(326b) Breathing Effects of CO2 Adsorption On Flexible 3D Lanthanide Metal-Organic Frameworks

The discovery of flexible and dynamic MOFs has changed many of our ideas of crystalline porous solids. These so-called “third generation MOFs” exhibit extraordinary structure flexibility on adsorption/desorption of specific gases or liquids. Such structural transformation is often directly related to the functionality of these frameworks, such as pore size/shape change, gate-opening effects, and controlled molecular diffusion. Related potential applications may involve selective separation, molecular sensing, controlled drug storage and delivery, and as nanoreactors for polymerization. However, breathing effects of 3D flexible MOFs are still far from clear, and exploring the mechanism and potential application of flexibility in MOFs are of high fundamental interest.
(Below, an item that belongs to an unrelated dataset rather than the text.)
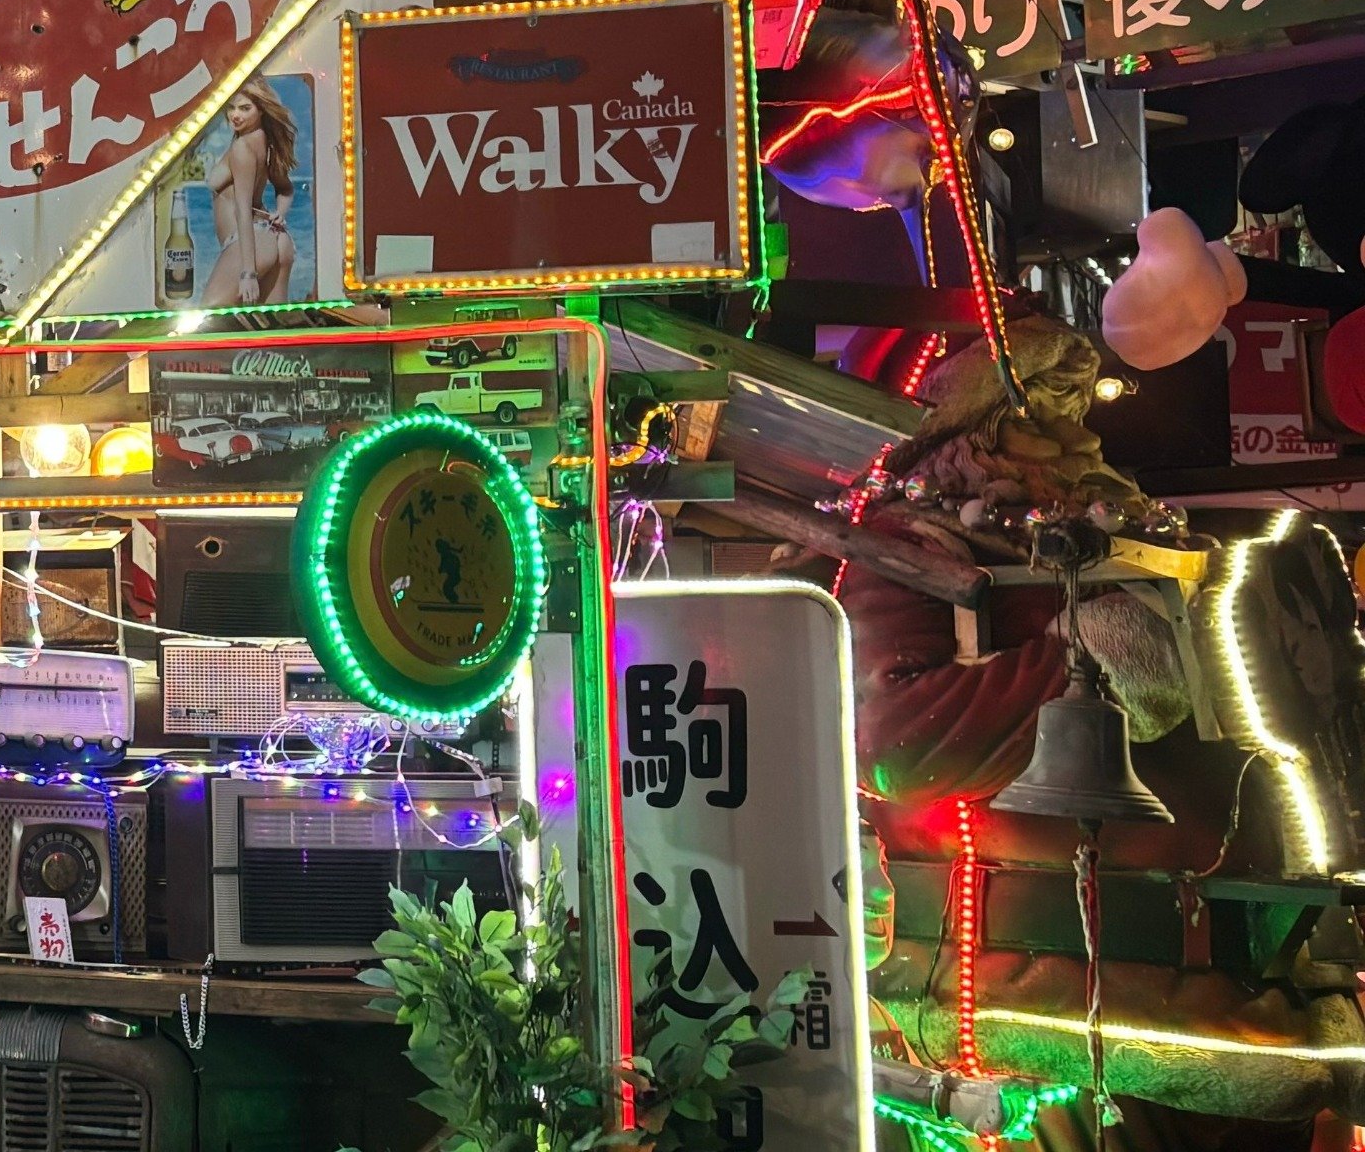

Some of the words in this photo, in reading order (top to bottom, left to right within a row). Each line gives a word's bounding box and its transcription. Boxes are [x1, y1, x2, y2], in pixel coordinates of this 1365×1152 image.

In this work, a new three-dimensional flexible lanthanide metal-organic framework is reported in our lab. This MOF possesses an uncommon chiral space group, very high thermal stability up to 560 ^oC, high surface area (experimental 1014 m²/g and calculated 1385 m²/g), and demonstrates a large adsorption hysteresis loop on the N₂ isotherm at 77K after activation at 300 ^oC. Powder X-ray thermodiffraction experiments reveal structural transformation on this flexible MOF, and high pressure gravimetric adsorption of CO₂, CH₄, and N₂ demonstrates the interesting "gate" opening and closing phenomena. Particularly, equilibrium and kinetic investigation of CO₂ adsorption provided deeper information about the mechanism and potential application of adsorption breathing effects.